How to Create Data Vault Hubs

Data Vault modeling is a modern approach to data warehousing, providing scalability, flexibility, and adaptability to changing business needs. One of the essential components of this model is the Data Vault Hub. In this guide, we’ll explore why hubs are necessary, how they function, and how to create them efficiently.



How to Build a Data Vault

Before diving into hubs, it’s essential to understand the core components of a Data Vault:

  • Stages: Temporary storage areas where raw data lands before transformation.
  • Hubs: Central entities that store unique business keys.
  • Links: Relationships between hubs that track associations.
  • Satellites: Contextual information stored as historical changes.
  • PITs (Point-in-Time tables): Provide historical snapshots for query optimization.
  • Snapshot Tables: Capture state at a specific time.
  • Non-Historized Links & Satellites: Store non-time-variant attributes.
  • Multi-Active Satellites: Handle multiple active records for a single key.
  • Record Tracking Satellites: Maintain detailed historical tracking of changes.

Key Features of Data Vault Modeling

Data Vault modeling is based on years of best practices and includes:

  • Multi-Batch Processing: Supports scalable and parallelized data loading.
  • Automatic PIT Clean-Up: Uses logarithmic snapshot logic to optimize storage.
  • Virtual Load End-Date: Enables insert-only loads for performance efficiency.
  • Automated Ghost Records: Ensures referential integrity when key references are missing.

Understanding Data Vault Hubs

Hubs are a fundamental building block in Data Vault architecture.

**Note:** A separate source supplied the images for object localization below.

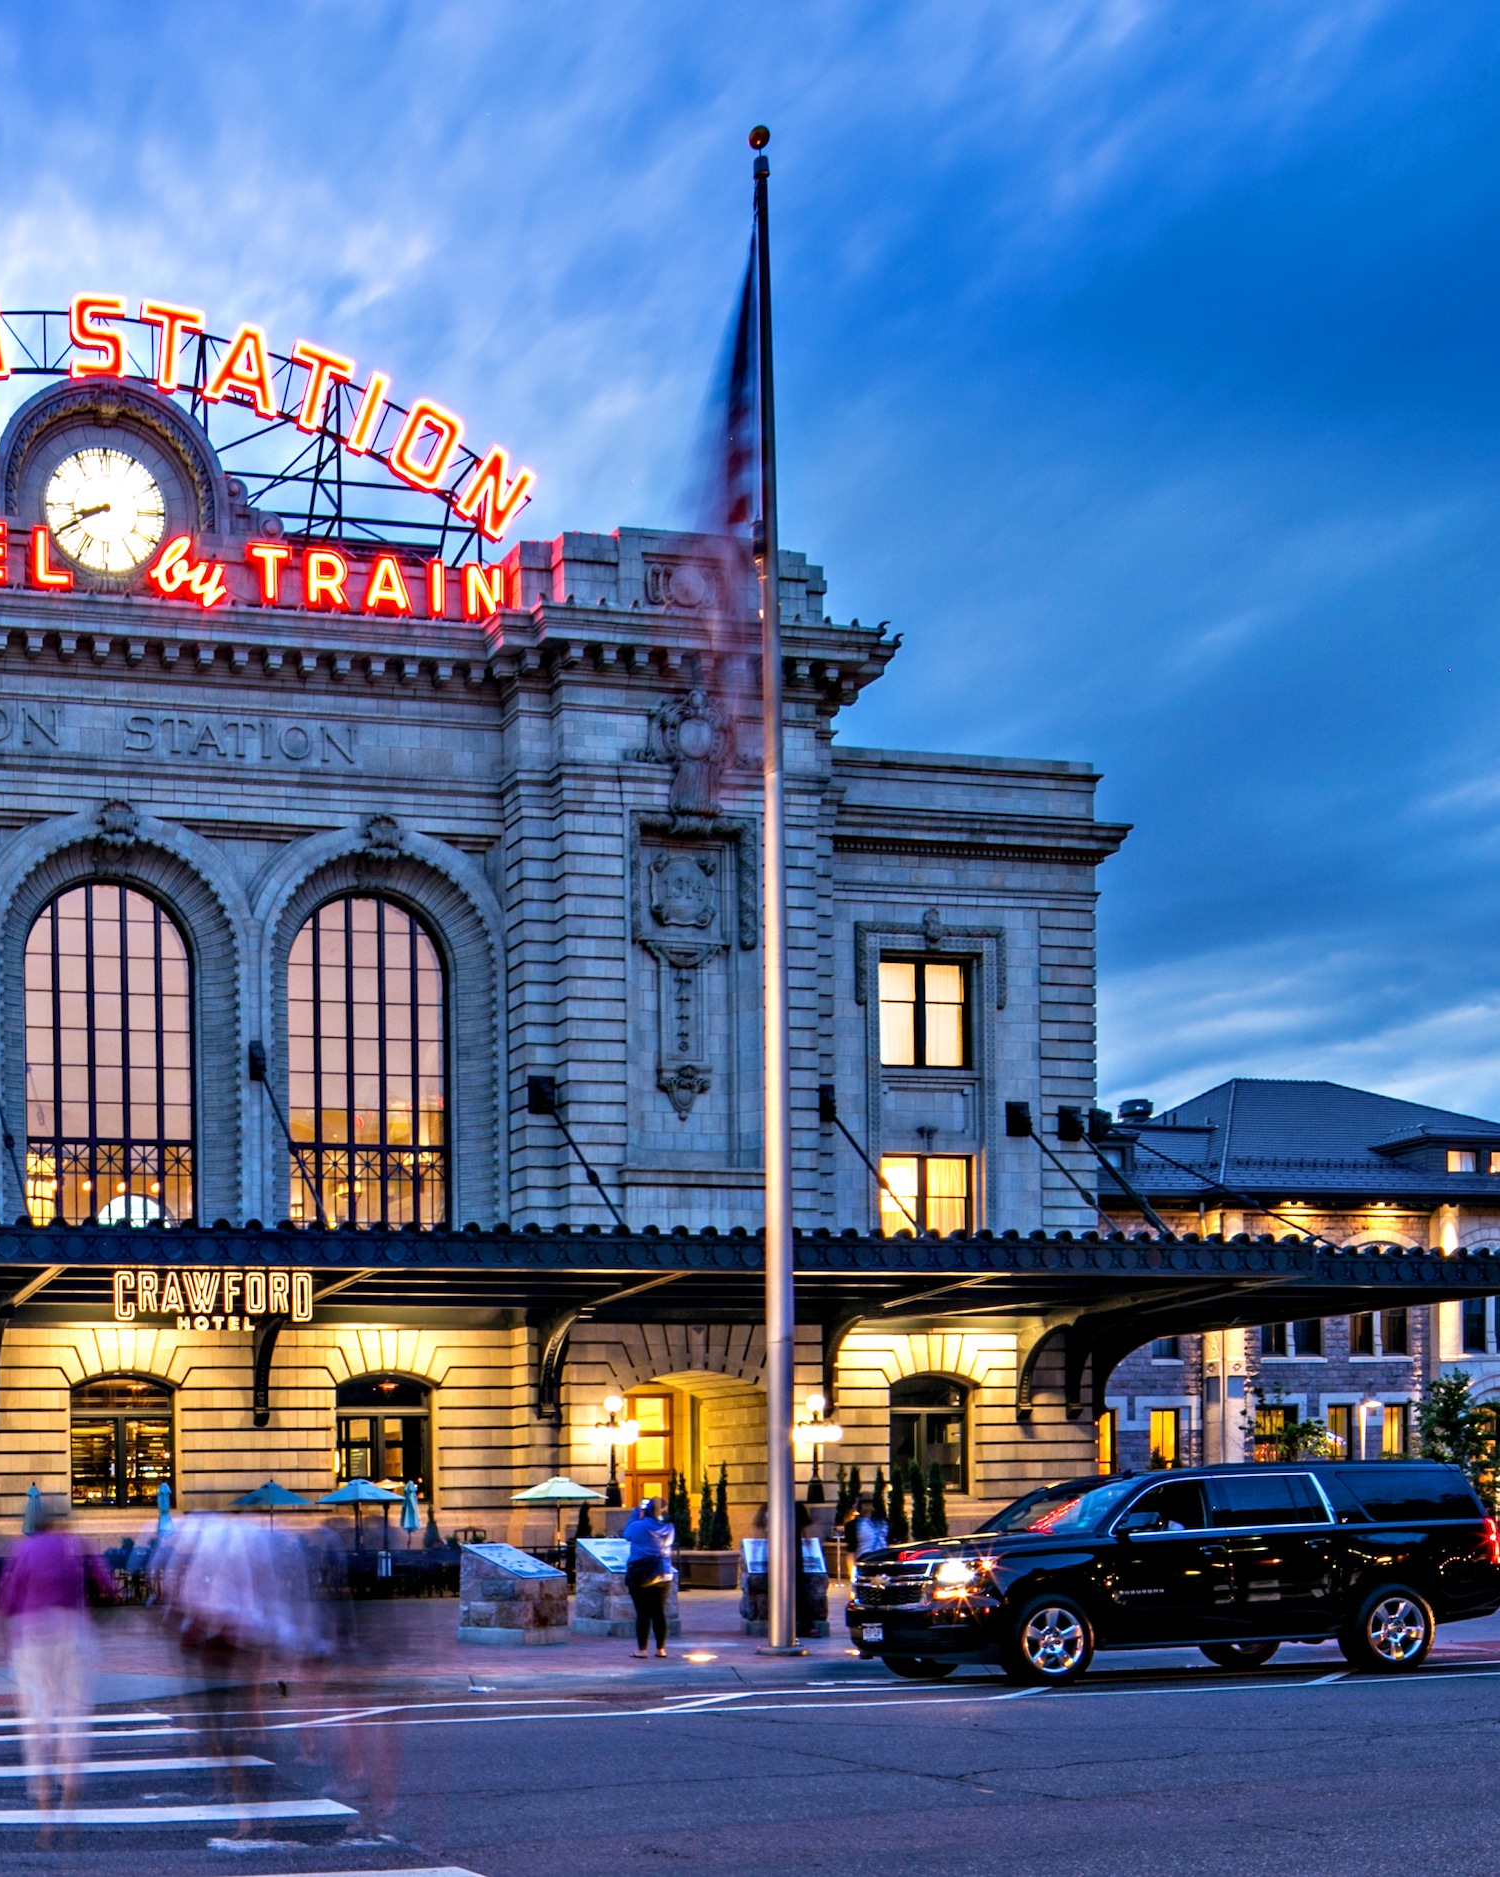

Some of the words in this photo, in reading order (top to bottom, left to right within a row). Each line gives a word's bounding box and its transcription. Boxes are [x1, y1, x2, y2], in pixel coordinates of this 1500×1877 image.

[68, 291, 537, 542] STATION
[149, 535, 228, 609] by
[245, 541, 505, 619] TRAIN
[123, 716, 358, 765] STATION
[663, 877, 706, 902] 1914
[113, 1270, 314, 1323] CRAWFORD
[176, 1315, 256, 1332] HOTEL

They act as an anchor for business keys, ensuring data integrity and consistency across different data sources.

Why Do I Need Hubs in Data Vault?

Hubs provide a single version of the truth by uniquely identifying business entities. Their key benefits include:

  • Ensuring Data Integrity: Every business entity has a unique identifier.
  • Facilitating Scalability: Hubs allow easy integration of new data sources.
  • Tracking Historical Changes: Business keys remain consistent over time.

Key Components of a Data Vault Hub

Each hub contains three key attributes:

  • Hash Keys: A hashed version of the business key to maintain uniqueness.
  • Business Keys & Meaning: Natural identifiers such as customer numbers or product IDs.
  • Load Date & Record Source: Metadata that tracks when and where the data was loaded.

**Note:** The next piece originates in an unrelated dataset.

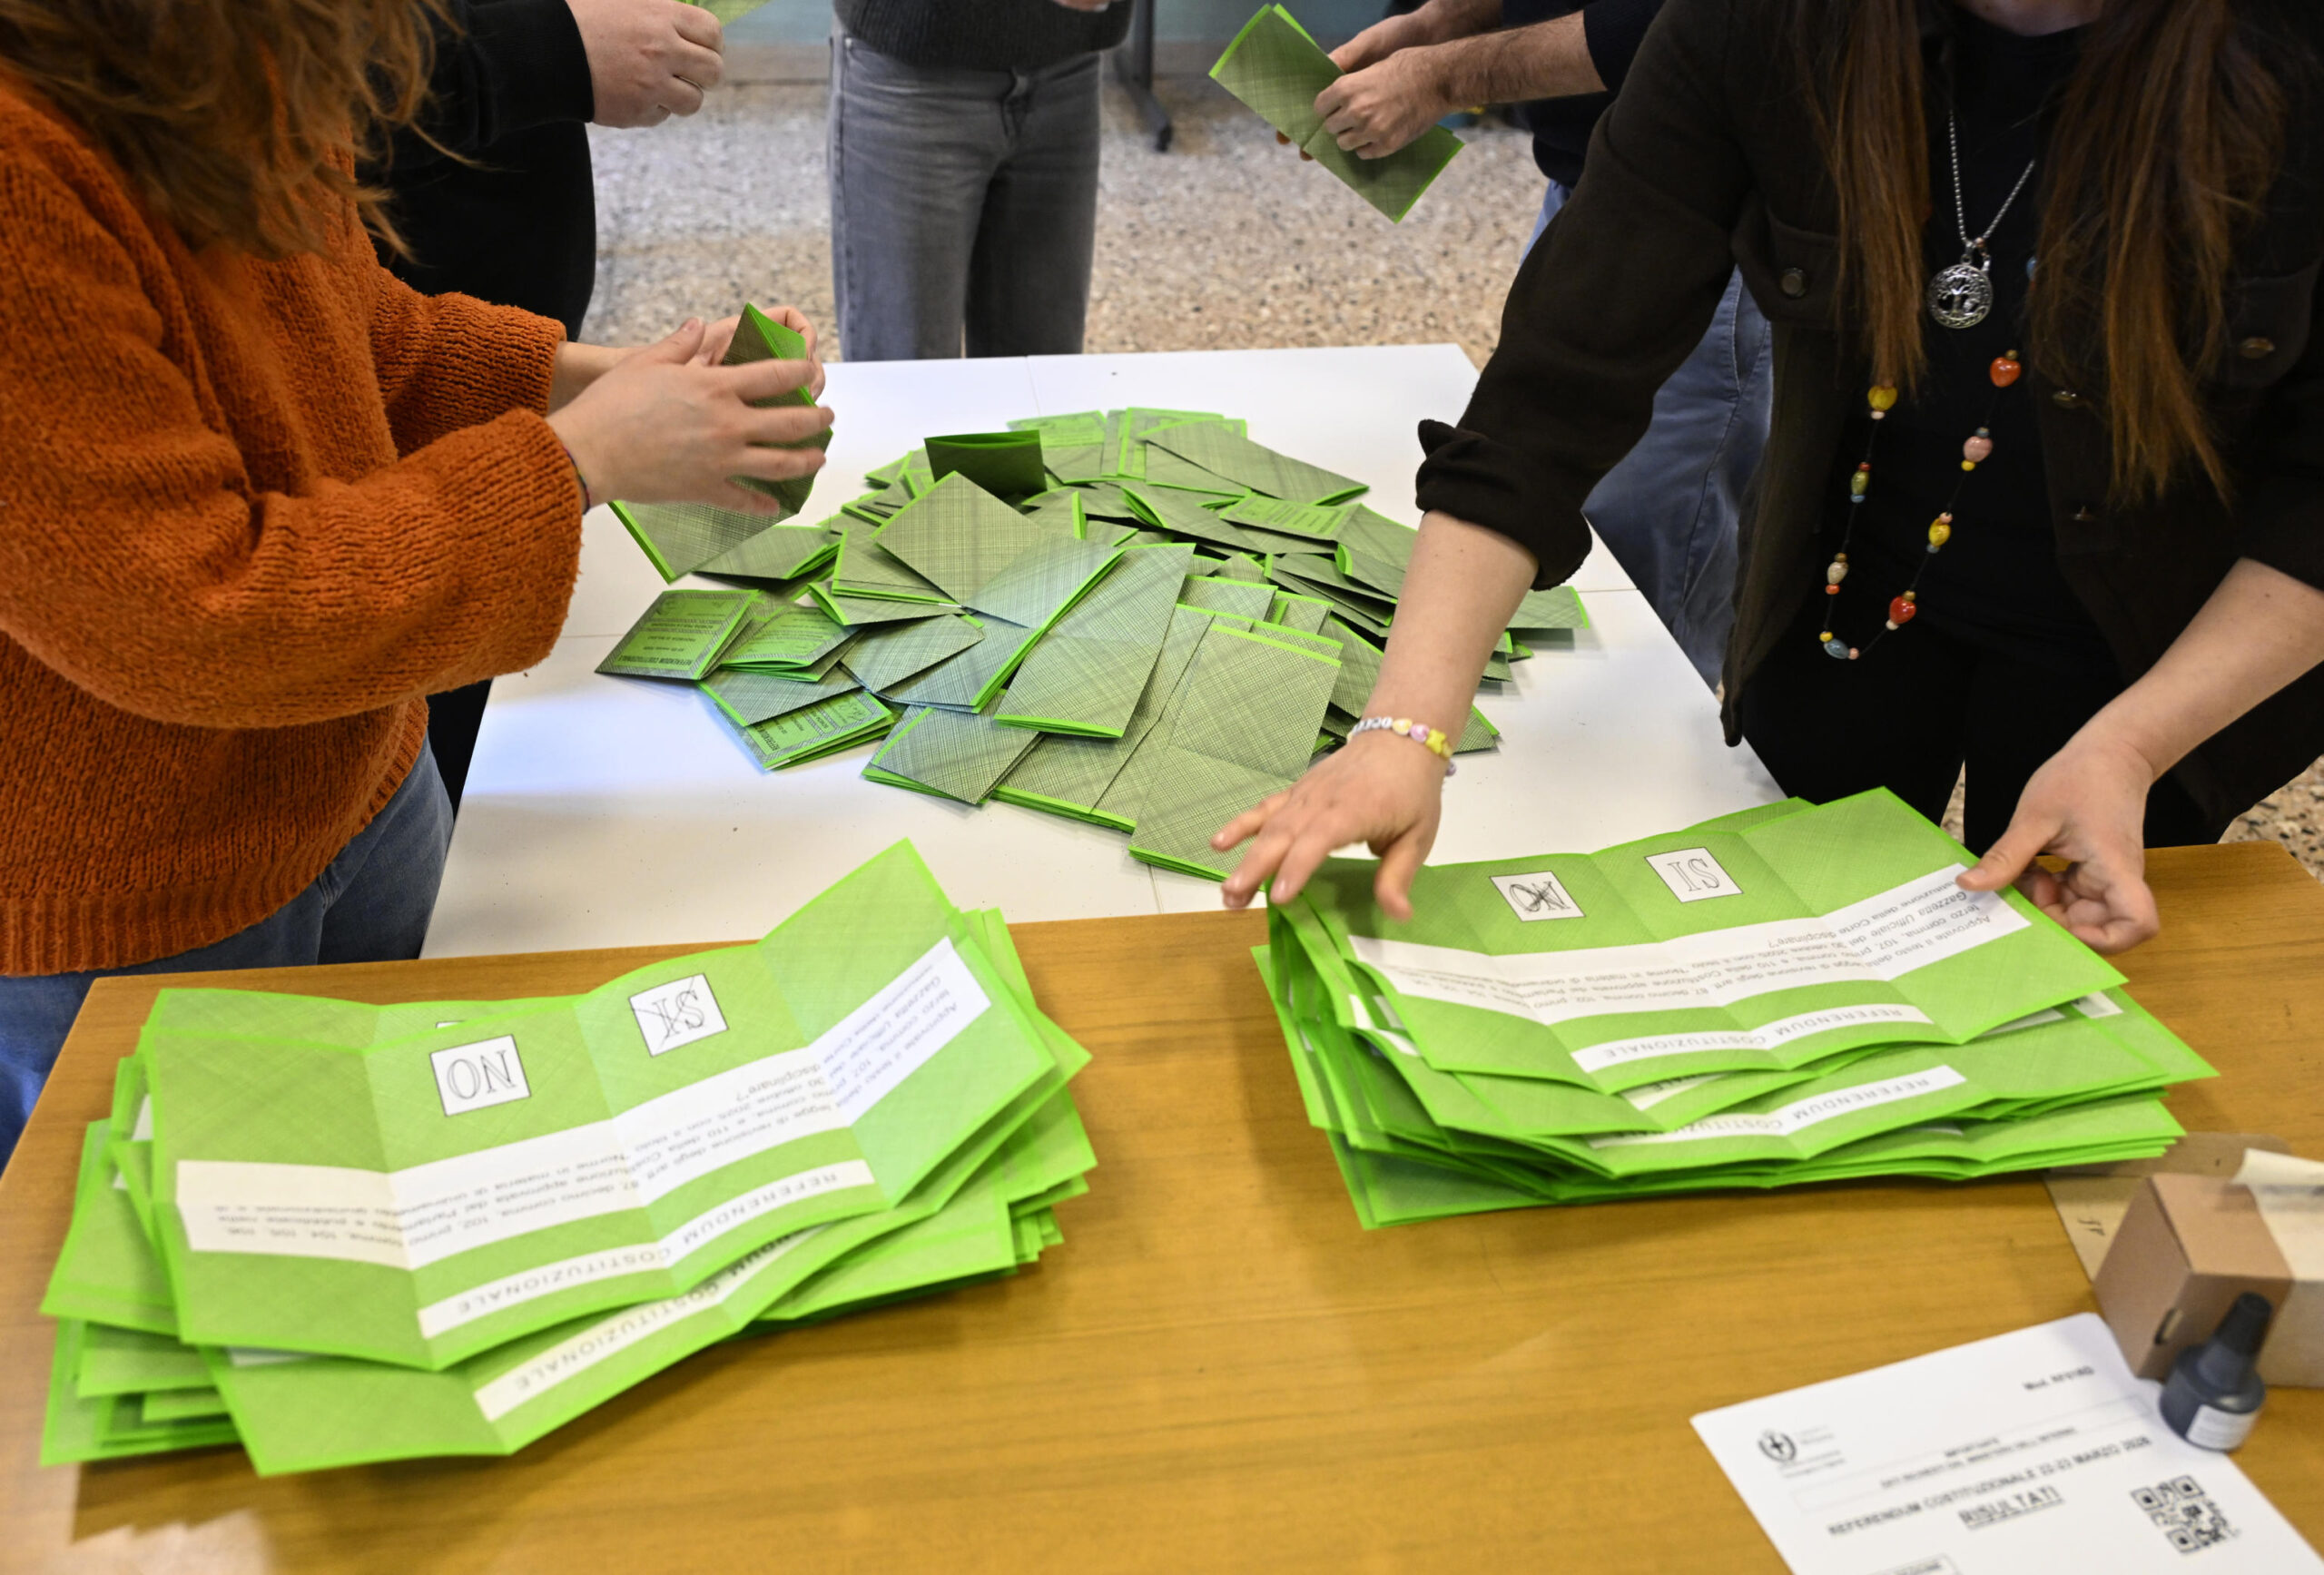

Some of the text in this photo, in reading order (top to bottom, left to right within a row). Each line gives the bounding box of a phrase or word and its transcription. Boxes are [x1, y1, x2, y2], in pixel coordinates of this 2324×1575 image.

How to Create a Data Vault Hub

Building a Data Vault hub follows a structured process. Here’s how you can do it:

Step 1: Install Datavault4Coalesce

To streamline the creation of hubs, Datavault4Coalesce provides automation tools for modeling and processing. Install and configure it in your environment.

Step 2: Define Business Keys

Identify the key attributes that uniquely define a business entity. These could include customer IDs, order numbers, or product SKUs.

Step 3: Generate Hash Keys

Using a hashing function (such as SHA-256), create unique hash values for each business key. This ensures efficient lookups and storage.

Step 4: Store Metadata

Each hub entry must include a load date and record source to track when and where the data originated.

Step 5: Load Data Efficiently

Implement an insert-only approach to prevent updates from overwriting historical data. Use batch processing for large-scale data ingestion.

Final Thoughts

Data Vault hubs play a crucial role in ensuring consistency and integrity within a modern data warehouse. By leveraging best practices and automation tools like Datavault4Coalesce, businesses can build scalable, future-proof data architectures.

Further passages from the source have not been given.